On Sept. 24, the leadership team called a meeting to confront Bearman. According to three people who were present at the meeting, Bearman cried throughout. Many of the people there were clear that Interchange could not continue, because it had no accountability mechanisms for Bearman. But not everyone was convinced. Some people had not had a chance to read the women’s stories, creating some confusion, while others seemed to try to minimize the seriousness of the allegations, arguing that Bearman, as a leader, was being held to a higher standard than others in the community would be.
Despite the pressure to step down, by the end of the meeting, Bearman had come up with a plan to turn Interchange over to a small group from the incoming leadership team. The details of the transition were never worked out, however, and three days later, Bearman posted his announcement that Interchange would shutter.click to enlarge
But even after announcing the school was closing, Bearman seemed to imply it could all be temporary. “All of this is why I am taking a hiatus from teaching,” he wrote. “While maintaining a boundary with students and graduates of my programs going forward is a straightforward way to make sure I don’t cause future harm, it’s not enough. The extent of my unconsciousness, and the degree to which I’ve been defending it, makes it inappropriate to continue teaching at the moment. Until I get enough help to become more conscious, I’m not fit to lead.”

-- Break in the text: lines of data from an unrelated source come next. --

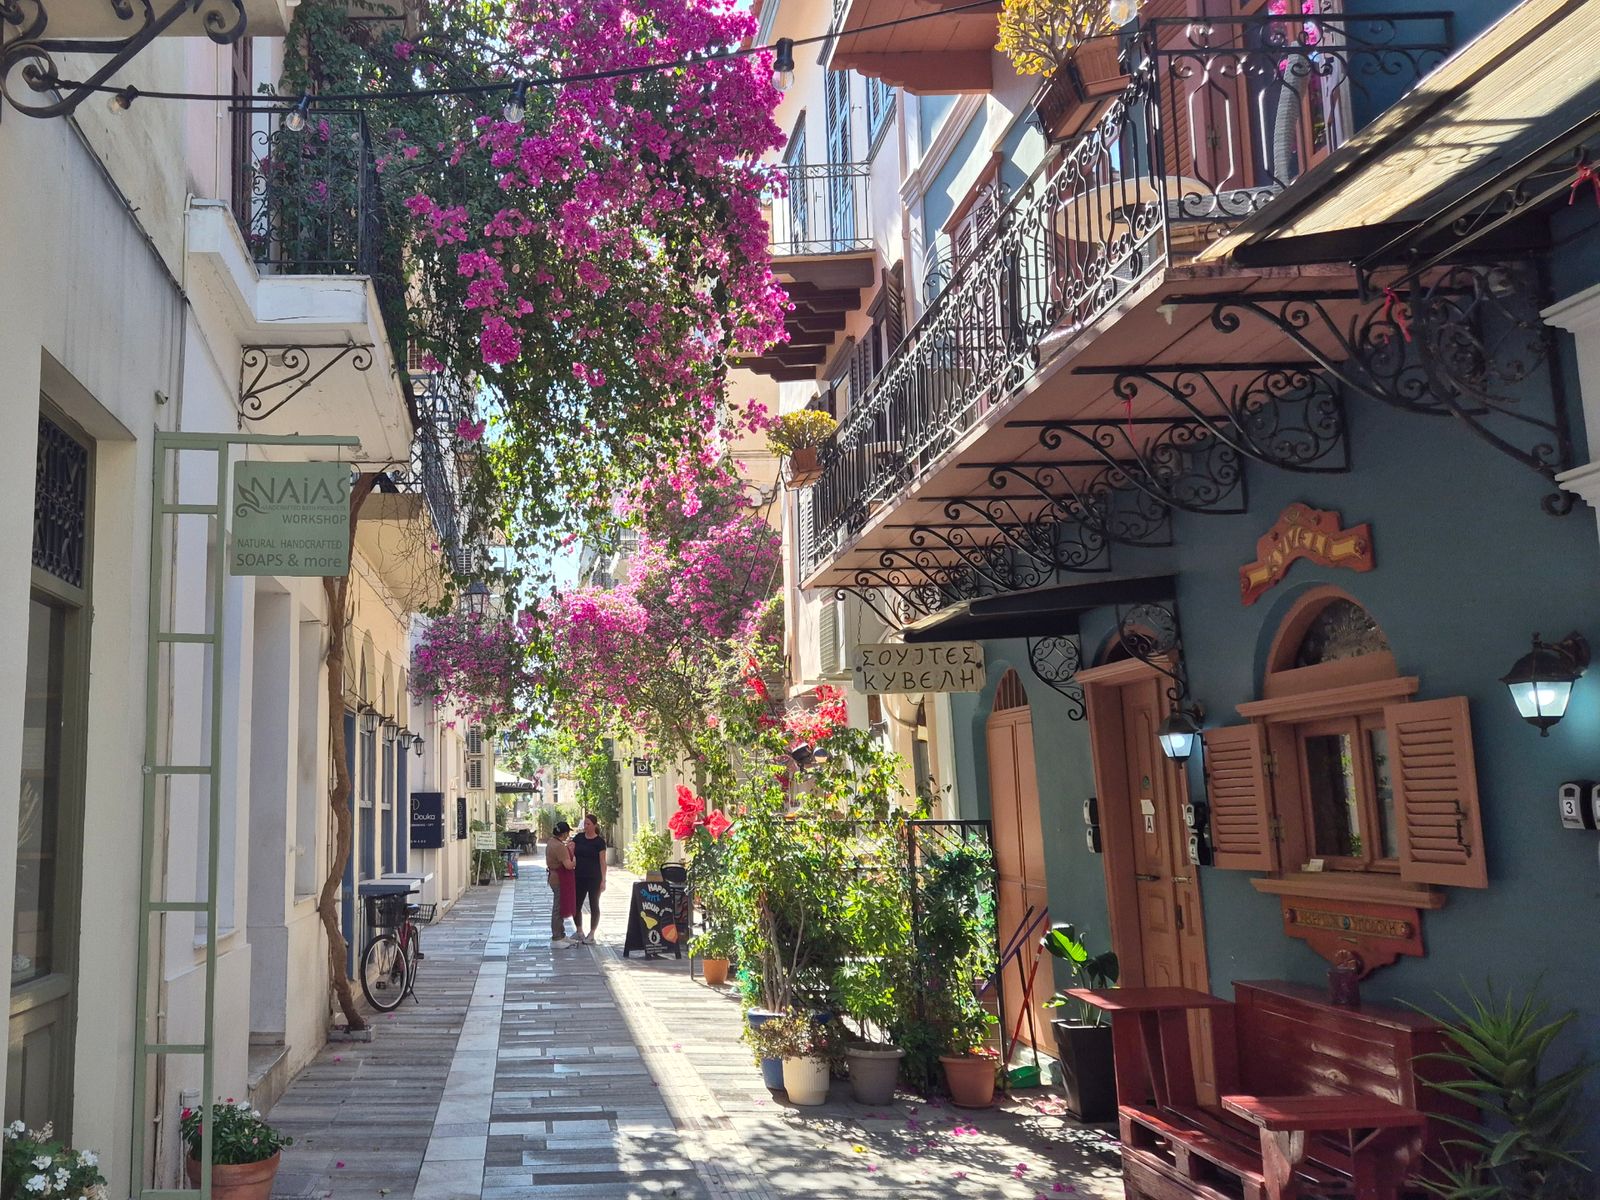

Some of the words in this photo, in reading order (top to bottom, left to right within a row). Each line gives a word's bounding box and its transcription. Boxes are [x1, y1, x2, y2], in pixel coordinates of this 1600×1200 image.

[282, 514, 347, 524] WORKSHOP
[237, 539, 275, 549] NATURAL
[280, 539, 343, 549] HANDCRAFTED
[236, 553, 283, 567] SOAPS
[287, 554, 299, 567] &
[304, 557, 342, 567] more
[863, 669, 975, 691] ΚΥΒΕΛΗ
[1565, 801, 1574, 814] 3
[413, 812, 436, 821] Douka
[1146, 817, 1152, 832] A
[648, 883, 670, 898] HAPPY
[642, 901, 660, 914] HOUR

The women accusing Bearman of sexual assault told the Express that they found his post deeply unsatisfying. One woman described Bearman’s apology as “image saving” and scoffed at the implication that he didn’t realize that what he’d done was rape. Bearman presented himself as an expert in consent but tried to plead ignorance of all the boundaries he had violated, she said. The congratulatory nature of many of the comments, praising Bearman for his courage, were just as painful to her. “It was horrifying. I was so mad,” she said.
“When I read it, I sat there and I just bawled my eyes out,” another woman said. “First of all, I didn’t know it was coming; it just shocked the hell out of me. He did say some things in it that were helpful that I needed to hear, and that’s what I took in first, and then I was like, ‘But wait a second, there’s a whole lot missing here, and you’re getting praised left and right for this, and you’re not admitting what you admitted to privately.'”

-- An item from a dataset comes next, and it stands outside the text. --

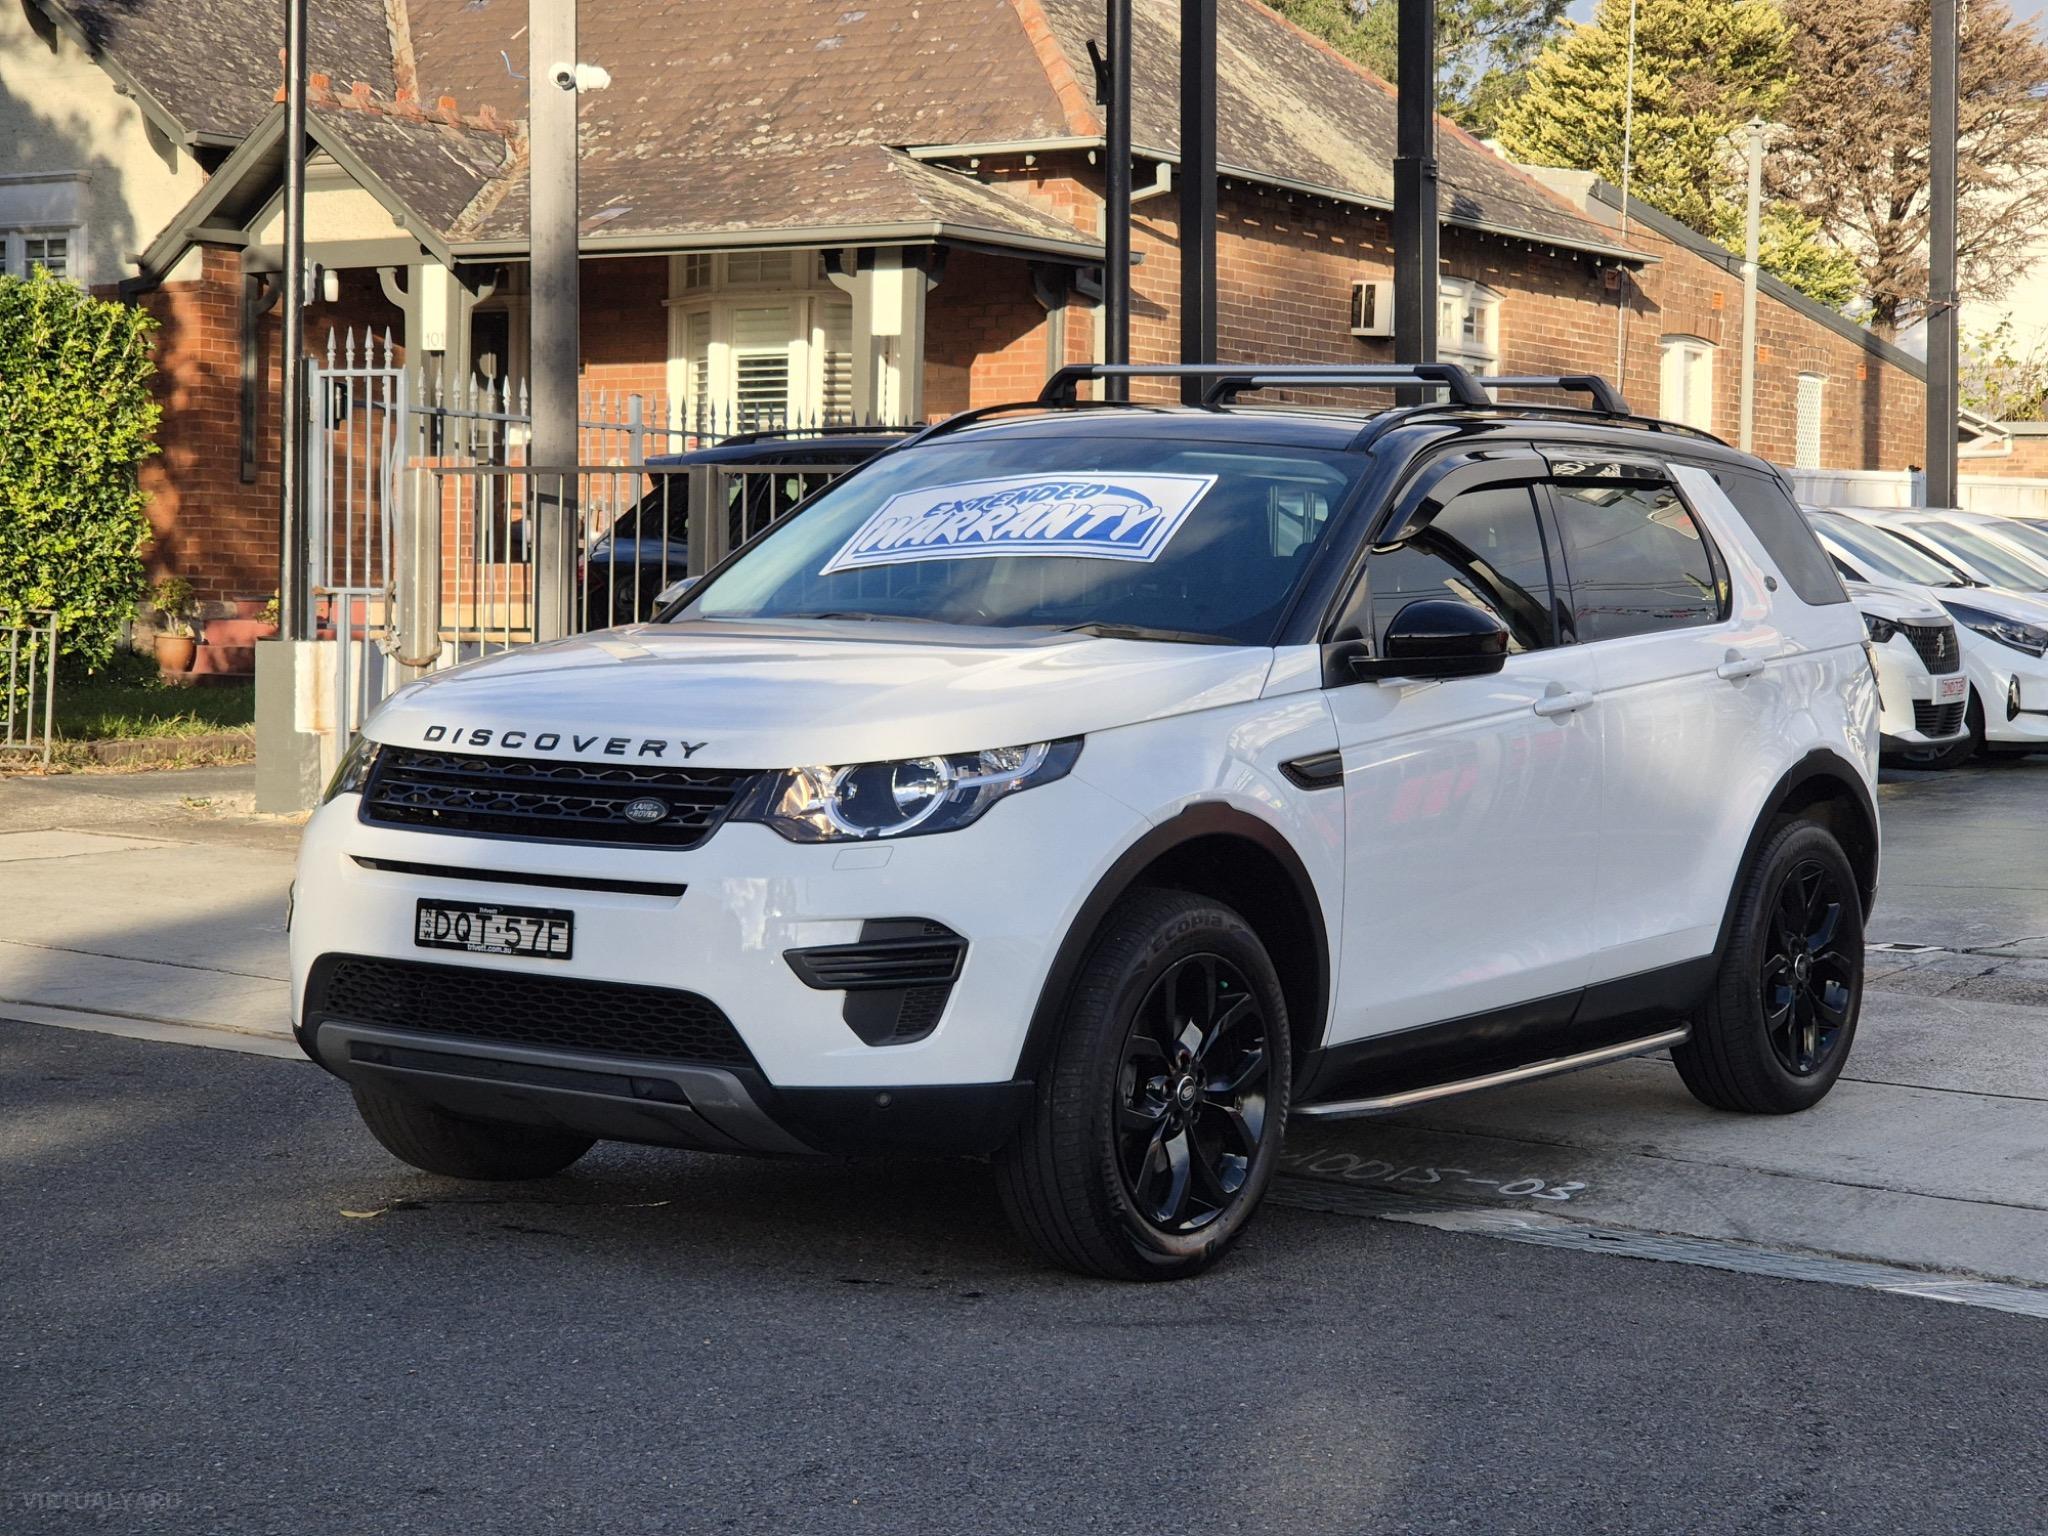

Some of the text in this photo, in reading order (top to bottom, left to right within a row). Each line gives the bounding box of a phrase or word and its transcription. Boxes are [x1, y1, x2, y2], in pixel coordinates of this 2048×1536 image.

Bearman never responded to any of the hundreds of comments on his Facebook post. And in the weeks after announcing Interchange had closed, his public profile vanished. Whether it was his intention to try to return to teaching is unclear, but the lawsuit and criminal investigation will likely make that extremely difficult for some time. “I am determined never to harm anyone in such ways again,” Bearman wrote. “I am also determined to uproot whatever made it possible to cause such harm in the first place.”